Look below for the line containing "Some of the text"; write out that line and each one after it to the end, exactly, and nothing else.

○ ○ ○ ○ ○ ○ ○

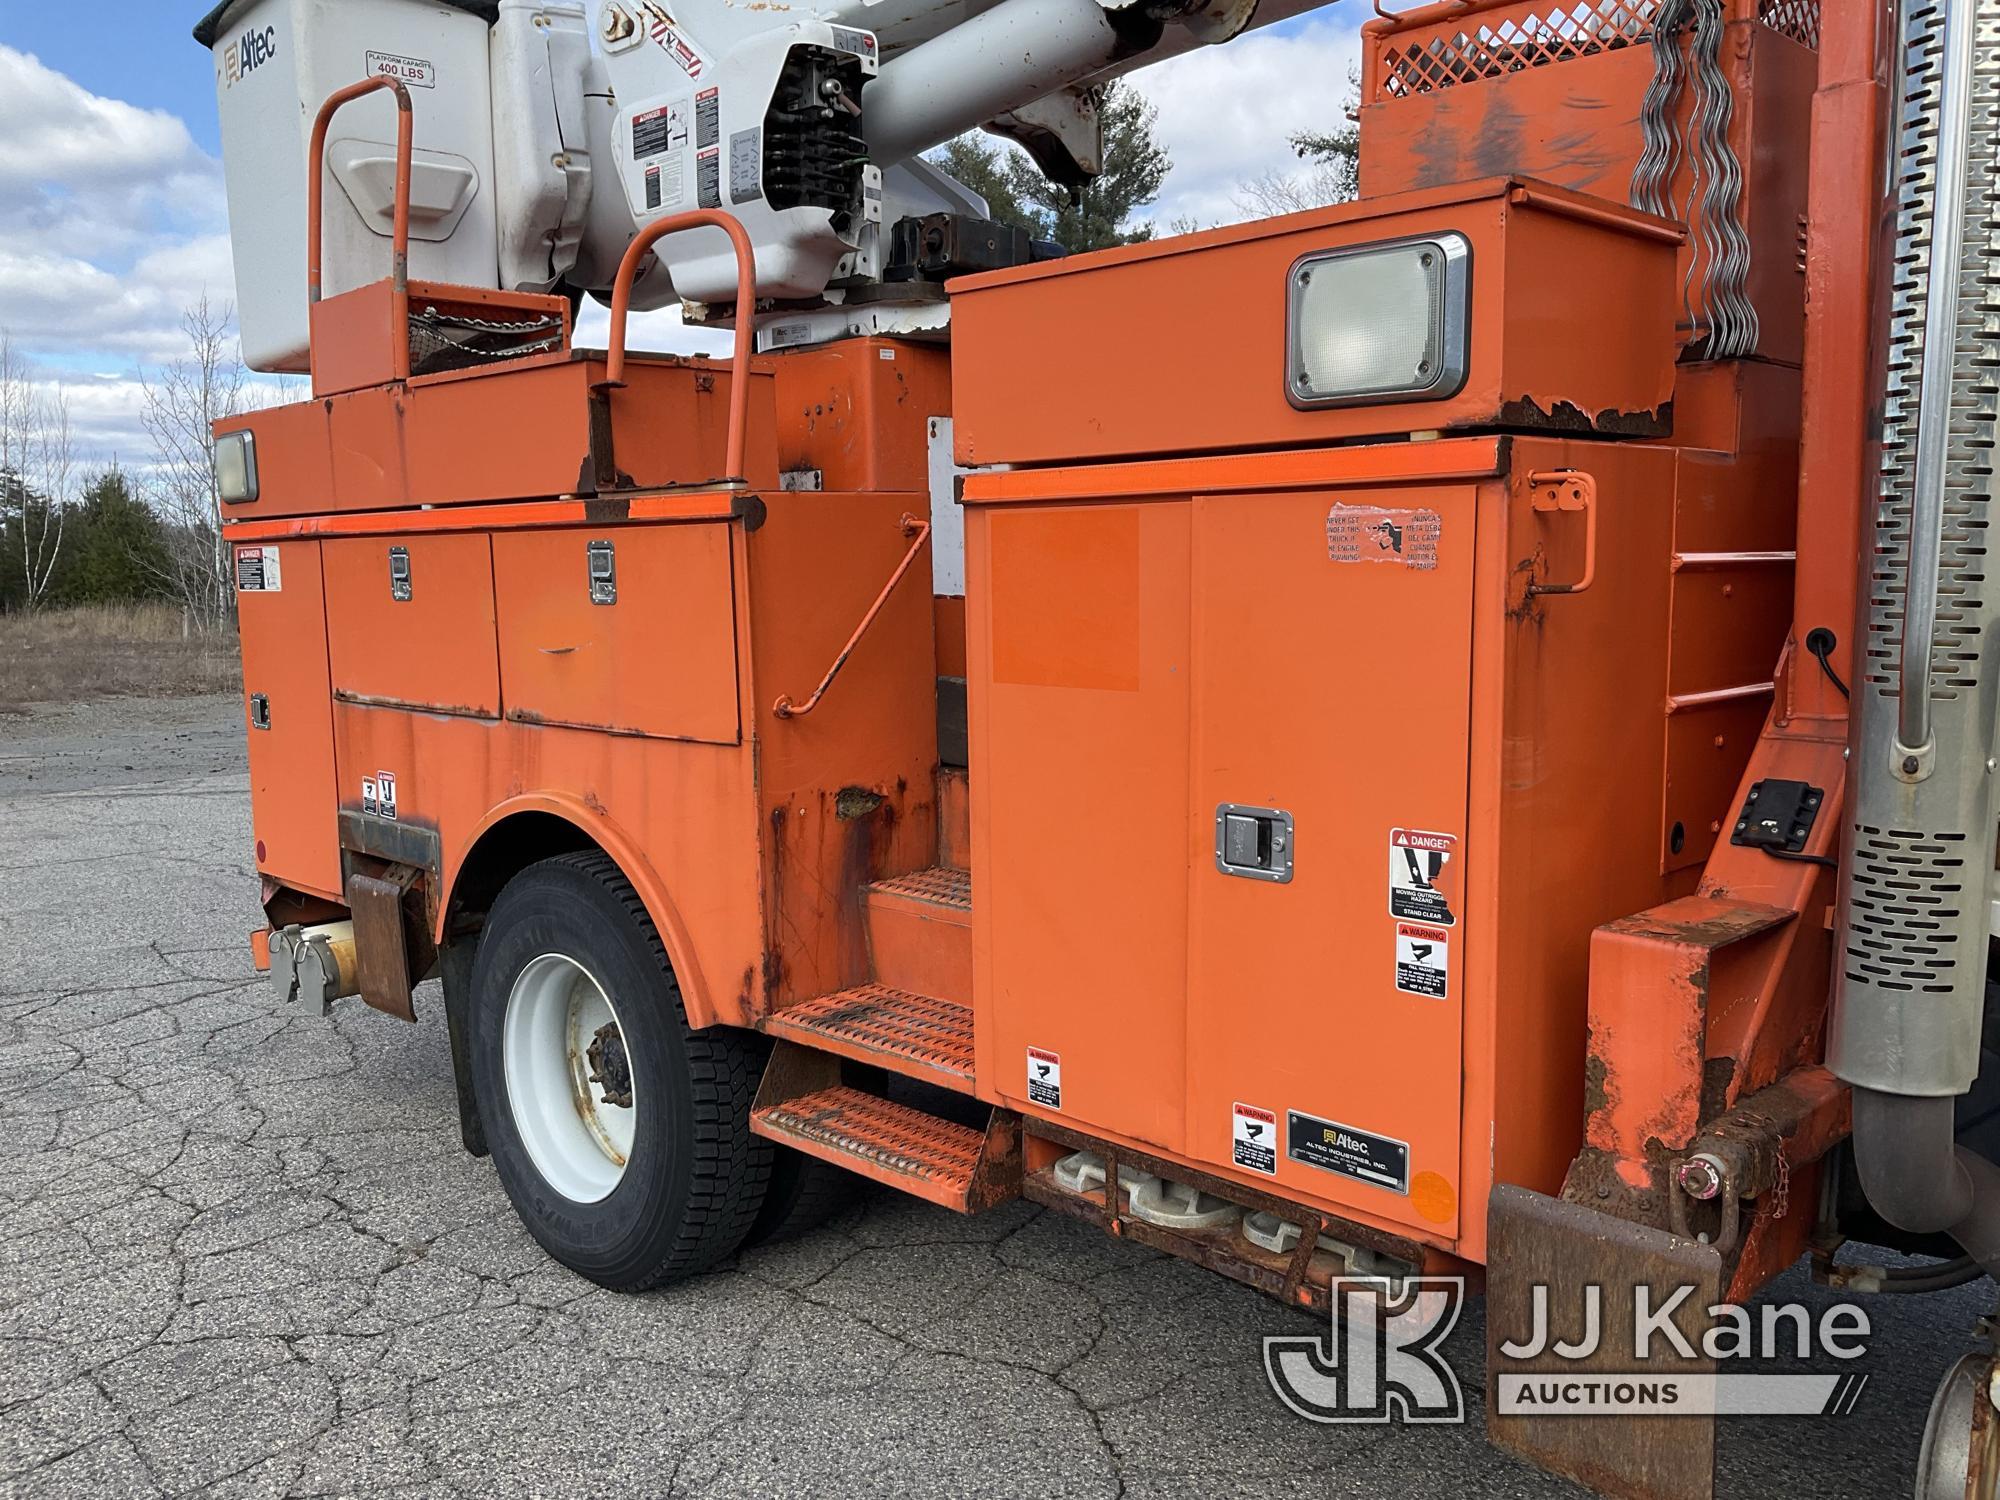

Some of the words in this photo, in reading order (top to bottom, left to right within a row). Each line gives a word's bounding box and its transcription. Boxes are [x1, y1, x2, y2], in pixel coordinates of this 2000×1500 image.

[241, 25, 276, 78] Altec
[368, 53, 401, 64] PLATFORM
[402, 60, 431, 69] CAPACITY
[378, 63, 398, 75] 400
[401, 66, 424, 80] LBS
[1395, 889, 1417, 897] MOVING
[1410, 896, 1433, 904] HAZARD
[1403, 908, 1422, 916] STAND
[1422, 911, 1442, 919] CLEAR
[1410, 927, 1444, 941] WARNING
[1244, 1107, 1273, 1122] WARNING
[1337, 1133, 1368, 1154] Altec
[1305, 1141, 1327, 1152] ALTEC
[1328, 1148, 1372, 1167] INDUSTRIES,
[1373, 1161, 1388, 1170] INC.
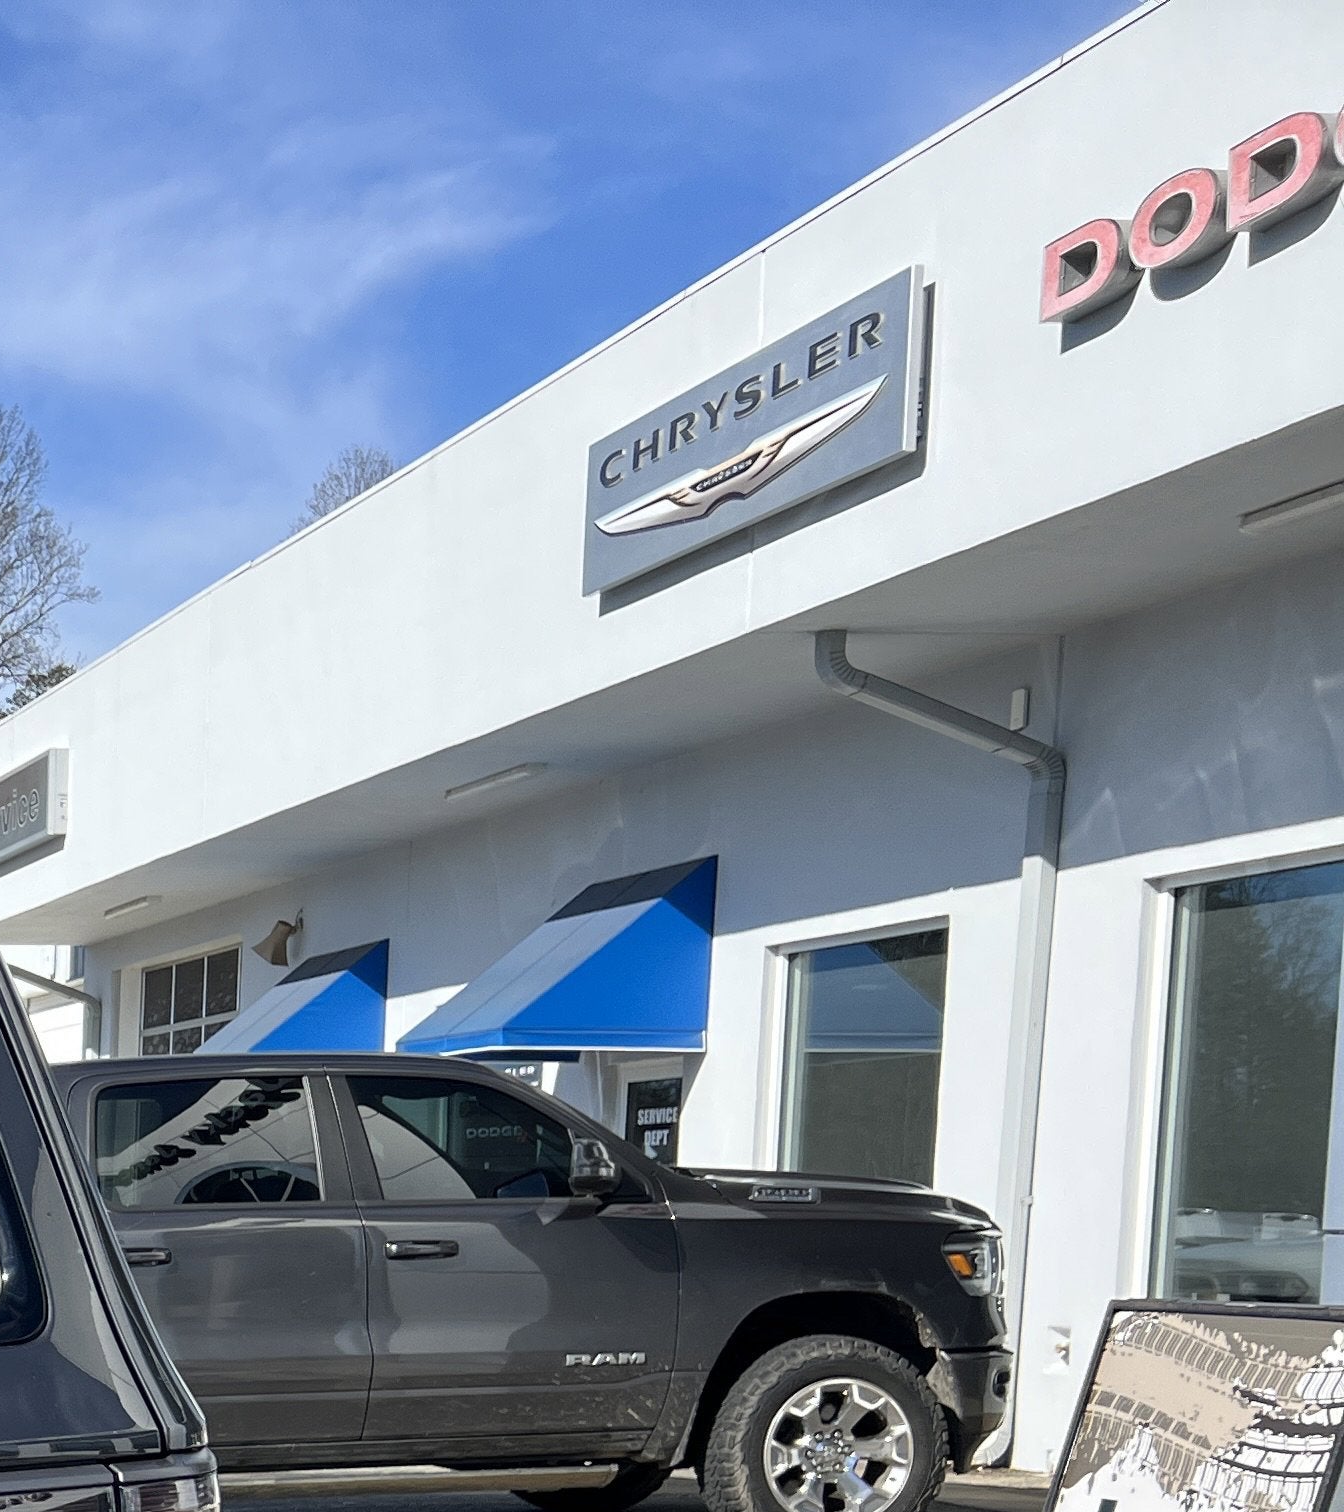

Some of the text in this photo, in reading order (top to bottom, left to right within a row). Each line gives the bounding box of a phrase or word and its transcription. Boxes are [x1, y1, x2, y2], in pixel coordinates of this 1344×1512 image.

[1040, 102, 1344, 324] DOD
[599, 311, 885, 489] CHRYSLER
[637, 1106, 678, 1126] SERVICE
[644, 1129, 669, 1146] DEPT
[565, 1352, 646, 1367] RAM

○ ○ ○ ○ ○ ○ ○

§ Answer below
Some of the text in this photo, in reading order (top to bottom, left to right within a row). Each line gives the bounding box of a phrase or word and its transcription. Boxes are [x1, y1, x2, y2], in pixel coordinates of this 1344×1512 image.

[1040, 102, 1344, 324] DOD
[599, 311, 885, 489] CHRYSLER
[637, 1106, 678, 1126] SERVICE
[644, 1129, 669, 1146] DEPT
[565, 1352, 646, 1367] RAM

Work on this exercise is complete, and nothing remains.